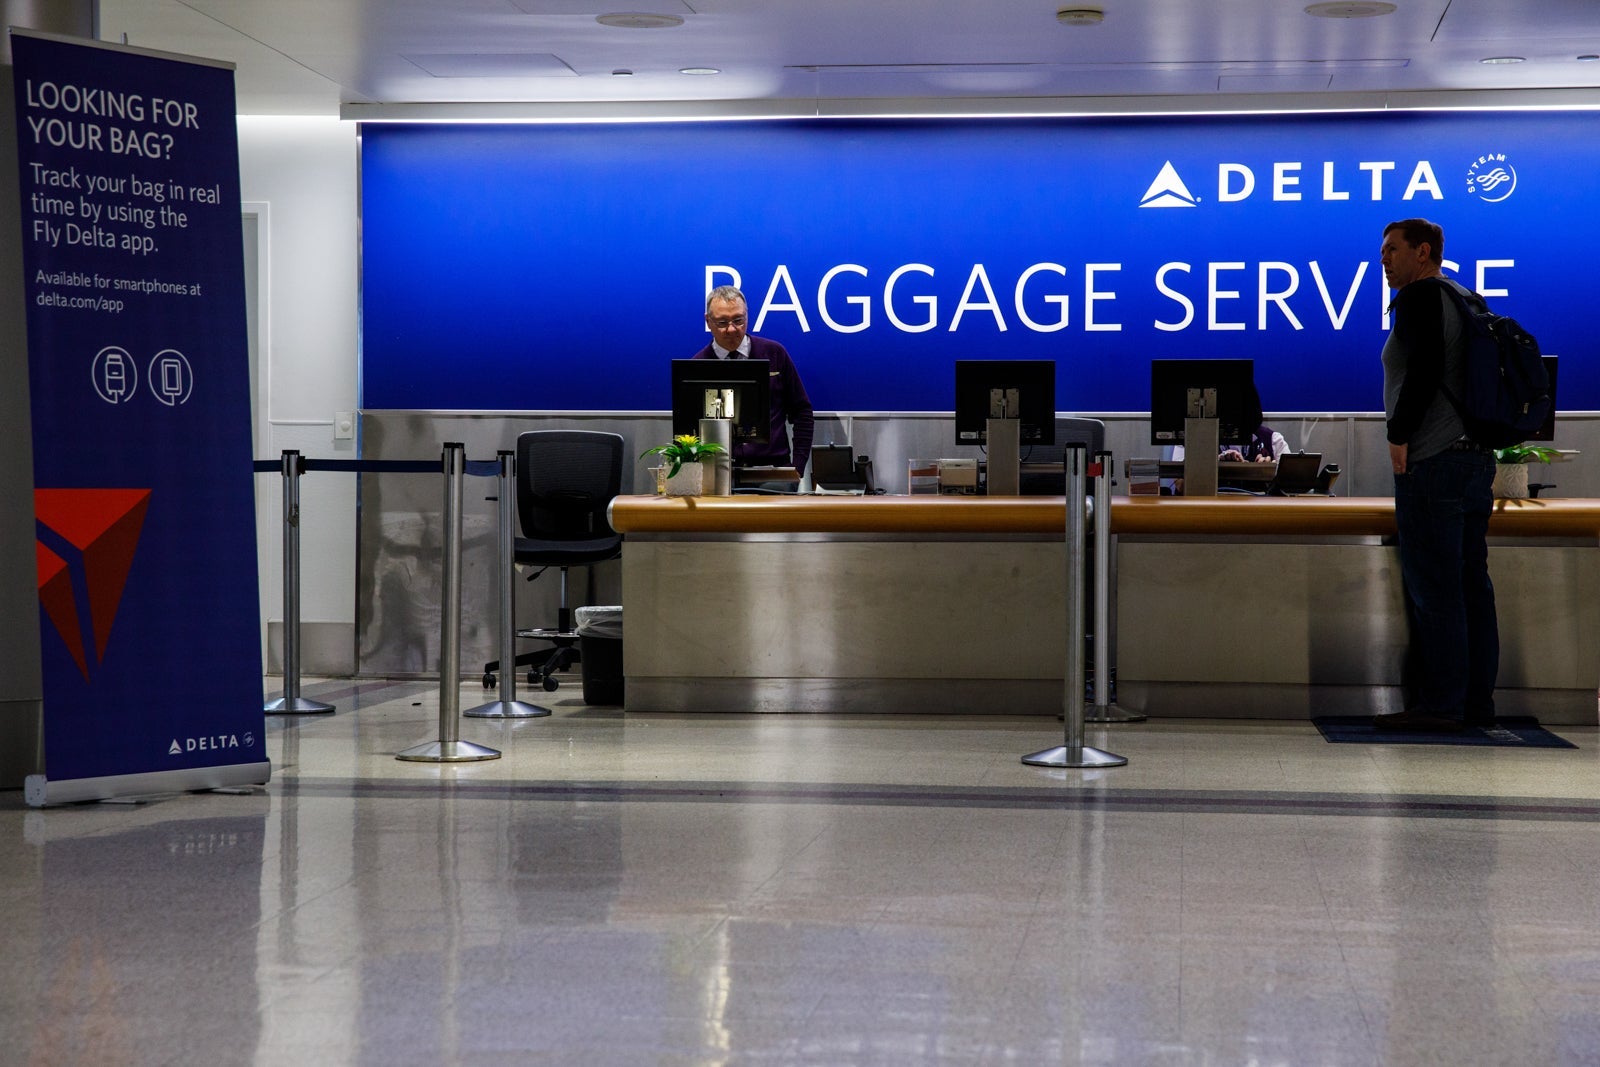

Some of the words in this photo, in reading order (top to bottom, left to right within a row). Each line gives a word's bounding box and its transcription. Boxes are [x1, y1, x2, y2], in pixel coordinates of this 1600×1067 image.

[26, 80, 145, 121] LOOKING
[153, 98, 199, 129] FOR
[28, 116, 104, 151] YOUR
[111, 127, 174, 159] BAG?
[30, 162, 81, 188] Track
[86, 175, 127, 195] your
[132, 173, 165, 202] bag
[170, 180, 184, 200] in
[190, 184, 221, 205] real
[1218, 161, 1444, 202] DELTA
[1466, 153, 1506, 194] SKYTEAM
[32, 193, 75, 216] time
[80, 196, 102, 223] by
[108, 201, 155, 228] using
[160, 206, 188, 227] the
[33, 220, 61, 248] Fly
[66, 223, 116, 248] Delta
[121, 234, 159, 256] app.
[35, 270, 91, 288] Available
[94, 273, 111, 289] for
[113, 279, 188, 295] smartphones
[190, 284, 202, 296] at
[36, 291, 124, 313] delta.com/app
[1154, 260, 1515, 332] SERVIE
[186, 734, 239, 752] DELTA
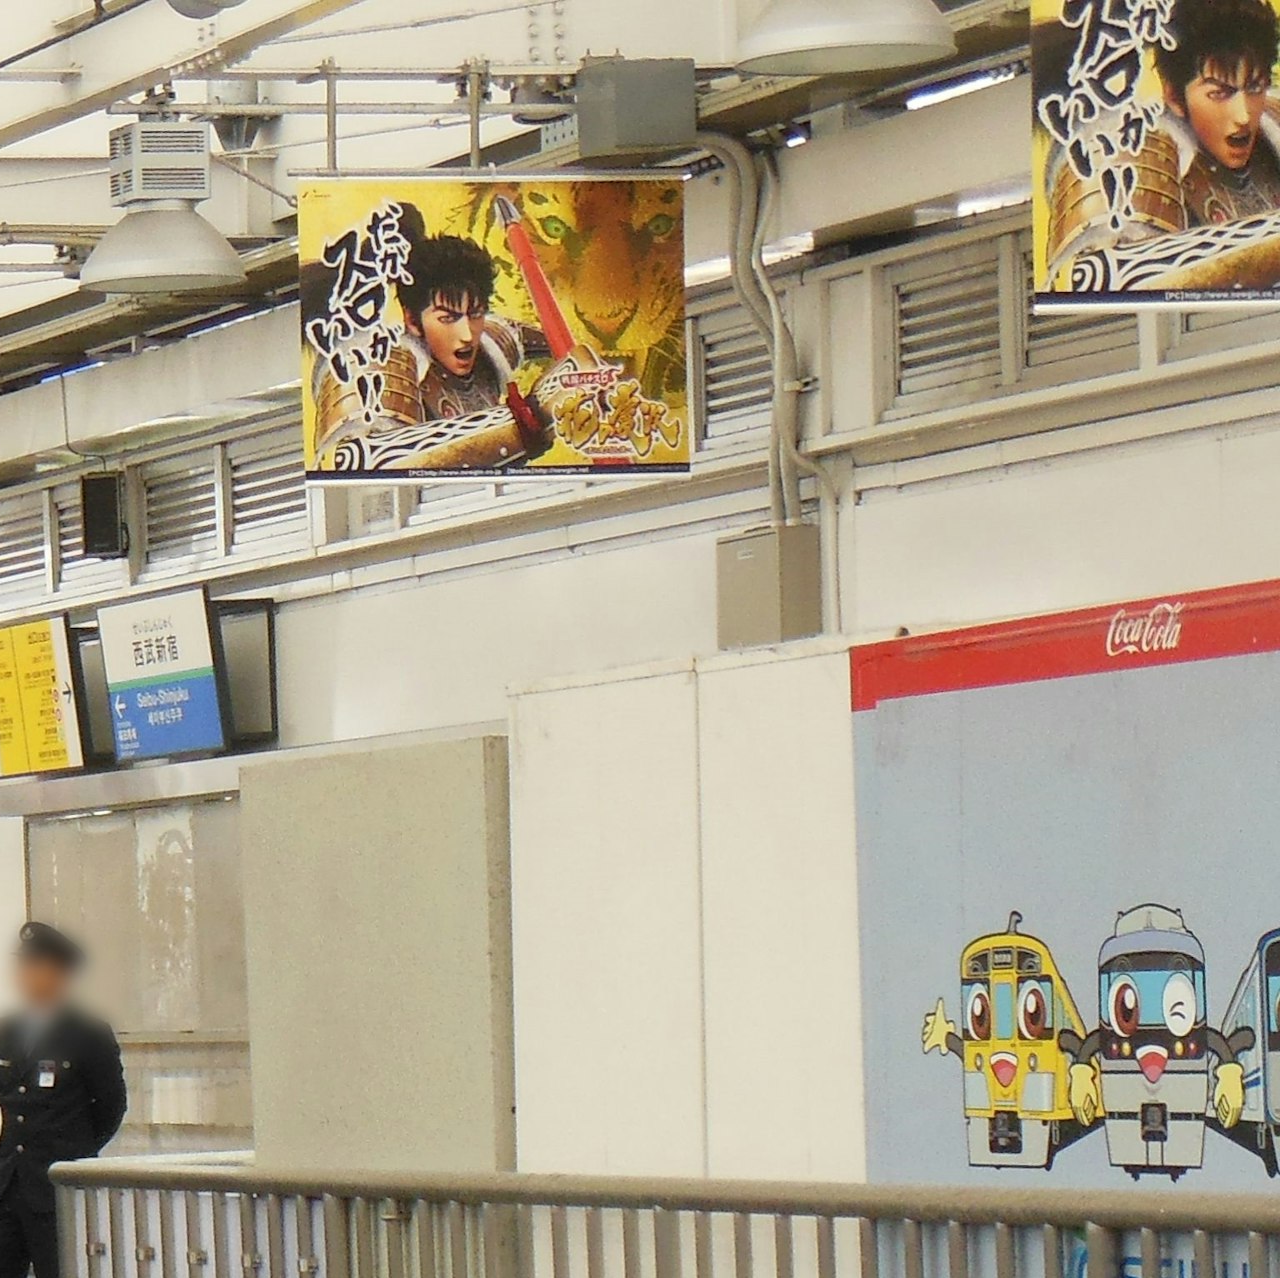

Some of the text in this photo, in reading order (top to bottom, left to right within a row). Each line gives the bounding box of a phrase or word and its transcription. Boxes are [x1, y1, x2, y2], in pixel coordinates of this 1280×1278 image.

[1128, 0, 1177, 51] が、
[132, 634, 179, 667] 西武新宿
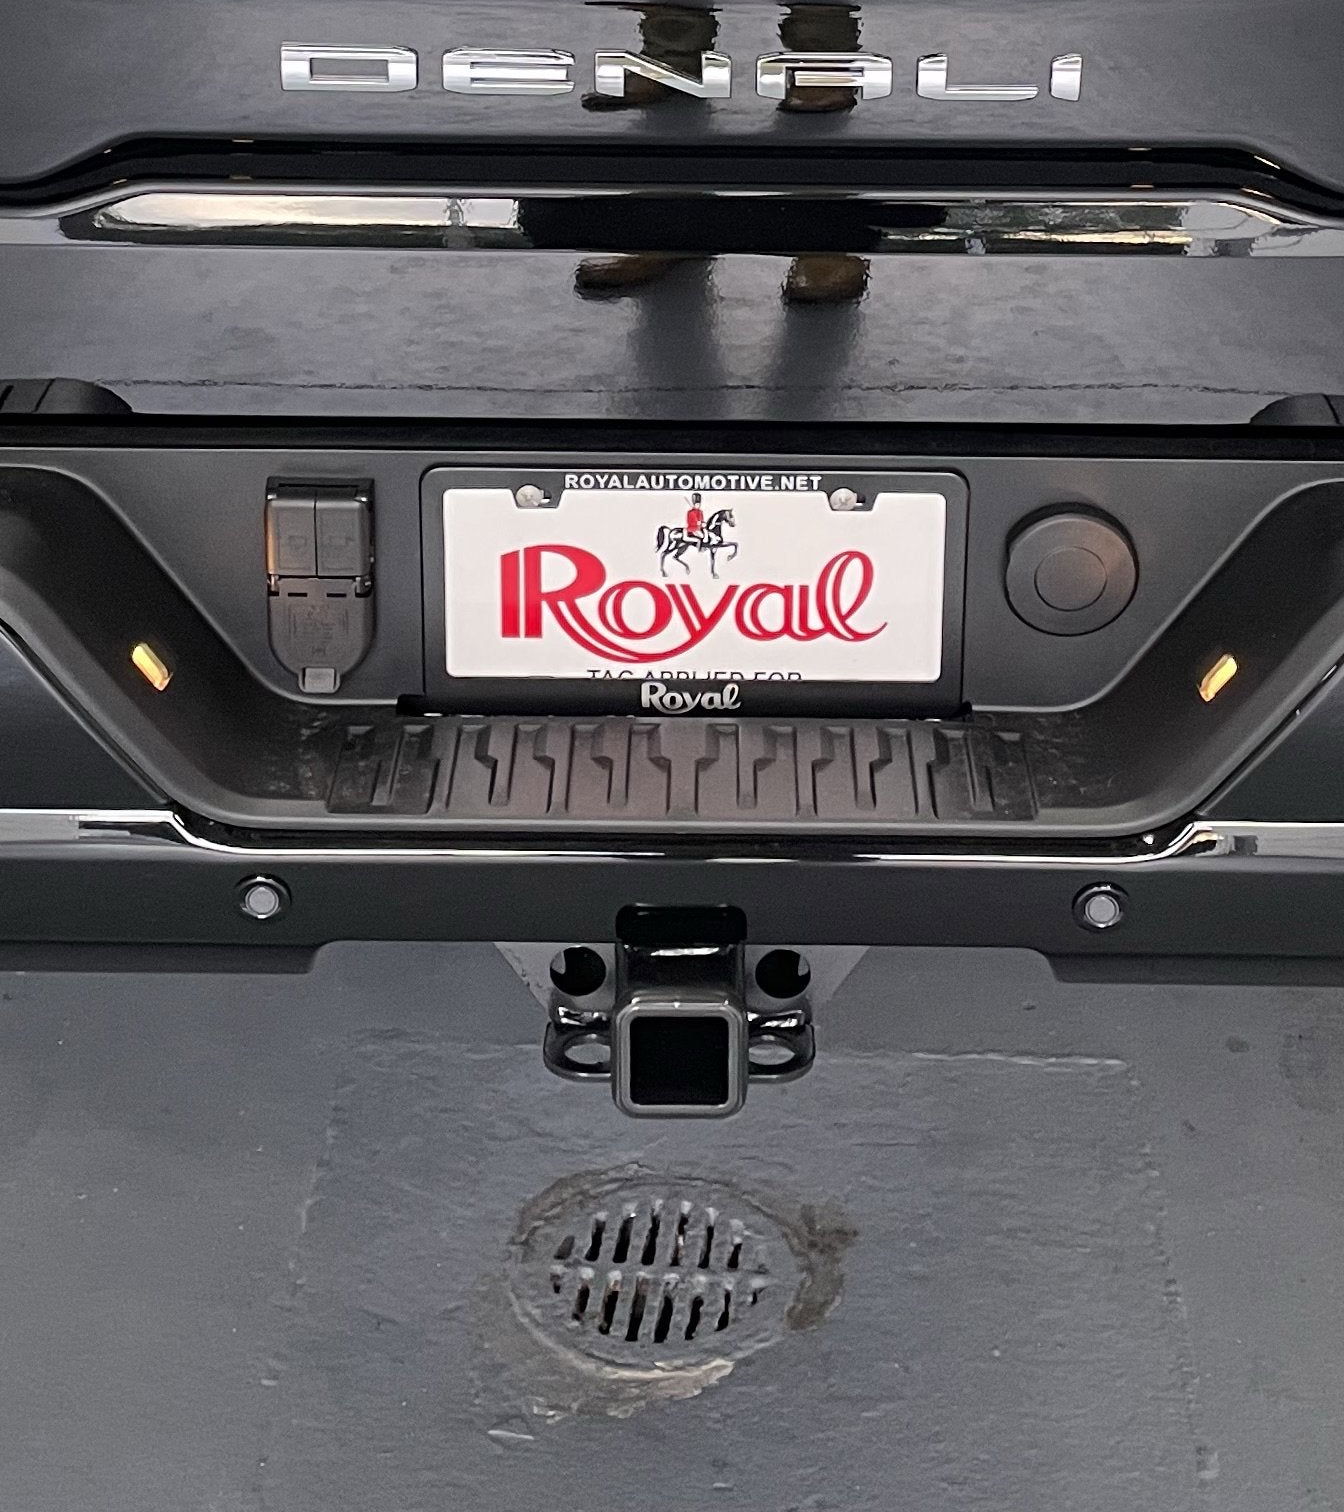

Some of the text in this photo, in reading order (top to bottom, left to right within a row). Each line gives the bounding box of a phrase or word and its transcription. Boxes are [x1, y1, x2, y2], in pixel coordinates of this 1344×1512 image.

[279, 41, 1083, 102] DENALI
[564, 474, 822, 491] ROYALAUTOMOTIVE.NET
[499, 543, 888, 664] Royal
[640, 680, 742, 715] Royal
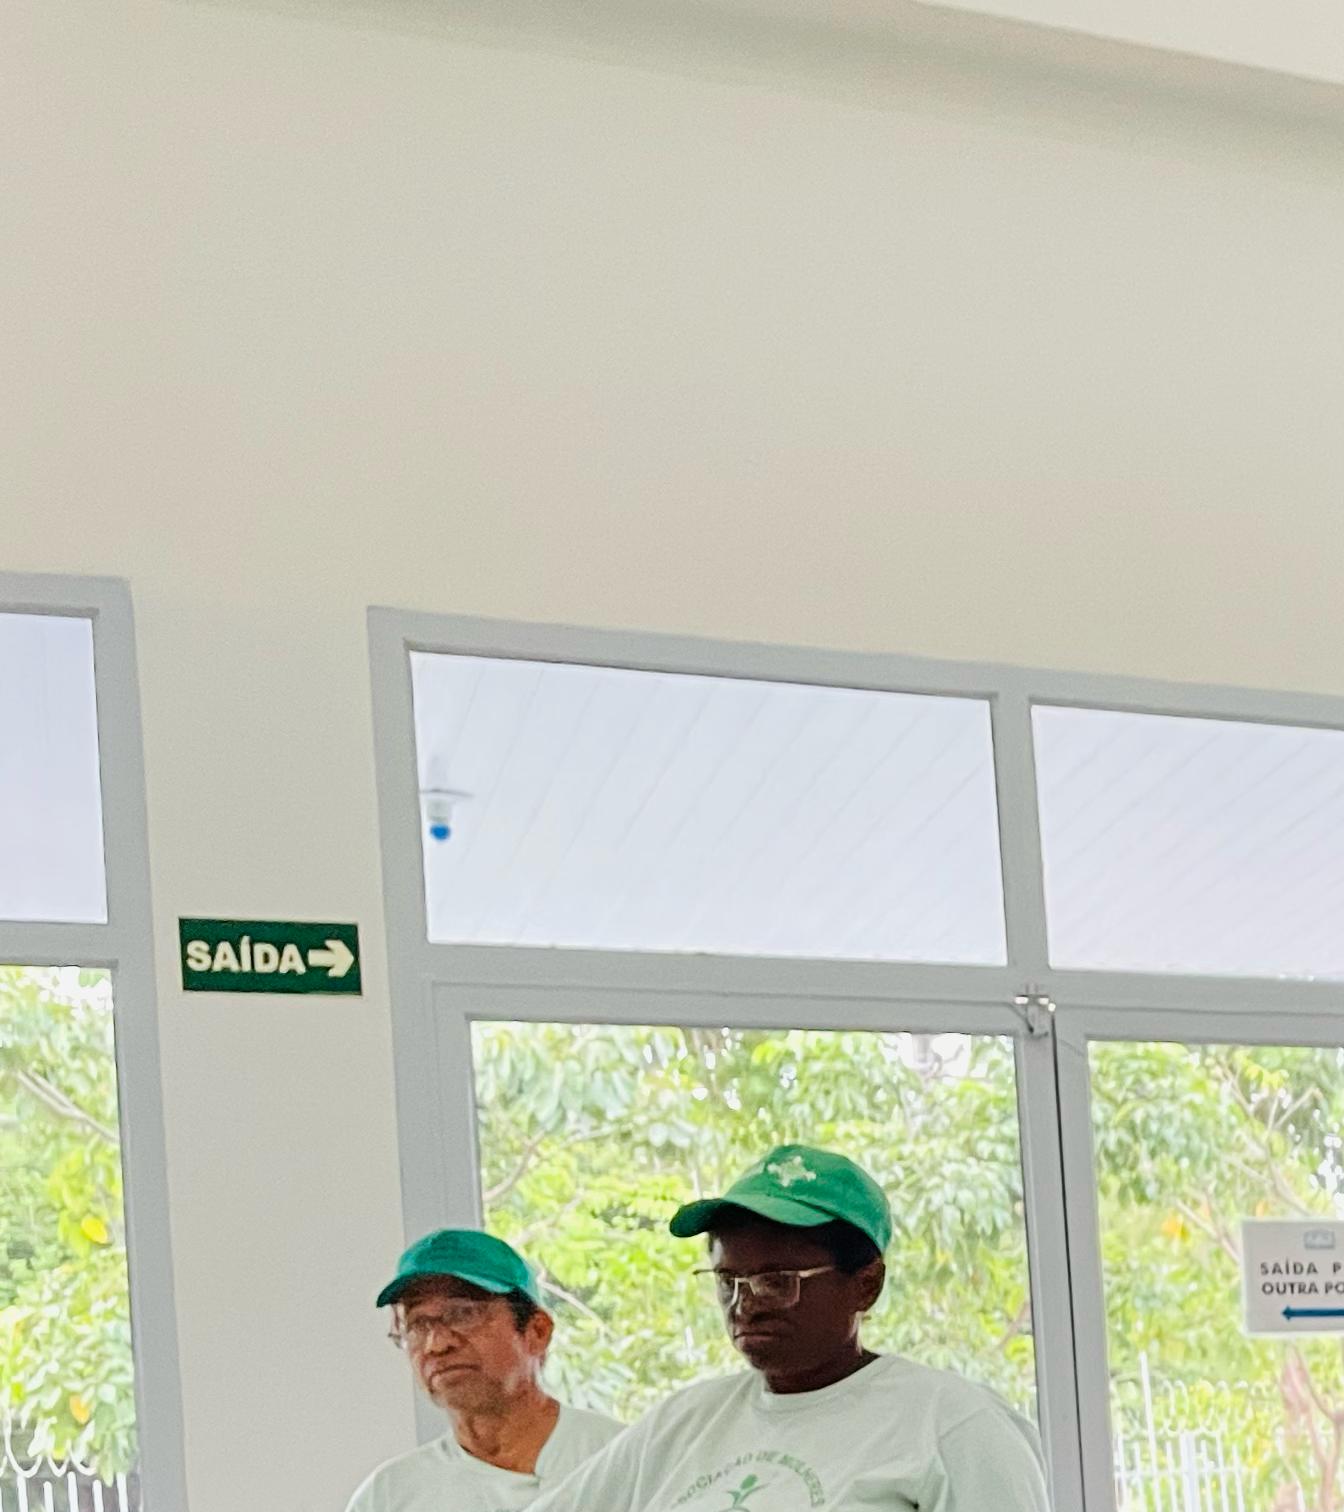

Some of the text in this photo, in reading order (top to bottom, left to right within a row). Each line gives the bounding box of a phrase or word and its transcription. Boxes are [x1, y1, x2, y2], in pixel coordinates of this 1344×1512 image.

[186, 935, 306, 975] SAÍDA
[1260, 1258, 1318, 1275] SAÍDA
[1261, 1282, 1319, 1295] OUTRA

◇ ◇ ◇ ◇ ◇

## WHAT IS BEING ASKED
Your reply should consist of the data, transcribed exactly, and should hold no pictures.

## TASK SOLUTION
Some of the words in this photo, in reading order (top to bottom, left to right within a row). Each line gives a word's bounding box and its transcription. Boxes are [x1, y1, x2, y2], in pixel coordinates of this 1600×1067 image.

[26, 80, 145, 121] LOOKING
[153, 98, 199, 129] FOR
[28, 116, 104, 151] YOUR
[111, 127, 174, 159] BAG?
[30, 162, 81, 188] Track
[86, 175, 127, 195] your
[132, 173, 165, 202] bag
[170, 180, 184, 200] in
[190, 184, 221, 205] real
[1218, 161, 1444, 202] DELTA
[1466, 153, 1506, 194] SKYTEAM
[32, 193, 75, 216] time
[80, 196, 102, 223] by
[108, 201, 155, 228] using
[160, 206, 188, 227] the
[33, 220, 61, 248] Fly
[66, 223, 116, 248] Delta
[121, 234, 159, 256] app.
[35, 270, 91, 288] Available
[94, 273, 111, 289] for
[113, 279, 188, 295] smartphones
[190, 284, 202, 296] at
[36, 291, 124, 313] delta.com/app
[1154, 260, 1515, 332] SERVIE
[186, 734, 239, 752] DELTA

Some of the text in this photo, in reading order (top to bottom, left to right within a row). Each line gives the bounding box of a phrase or word and its transcription. Boxes are [x1, y1, x2, y2], in pixel coordinates of this 1280×1278 image.

[1128, 0, 1177, 51] が、
[132, 634, 179, 667] 西武新宿

Some of the text in this photo, in reading order (top to bottom, left to right within a row). Each line gives the bounding box of a phrase or word and its transcription. Boxes are [x1, y1, x2, y2], in pixel coordinates of this 1344×1512 image.

[279, 41, 1083, 102] DENALI
[564, 474, 822, 491] ROYALAUTOMOTIVE.NET
[499, 543, 888, 664] Royal
[640, 680, 742, 715] Royal

Some of the text in this photo, in reading order (top to bottom, left to right within a row). Each line gives the bounding box of a phrase or word and its transcription. Boxes are [x1, y1, x2, y2], in pixel coordinates of this 1344×1512 image.

[186, 935, 306, 975] SAÍDA
[1260, 1258, 1318, 1275] SAÍDA
[1261, 1282, 1319, 1295] OUTRA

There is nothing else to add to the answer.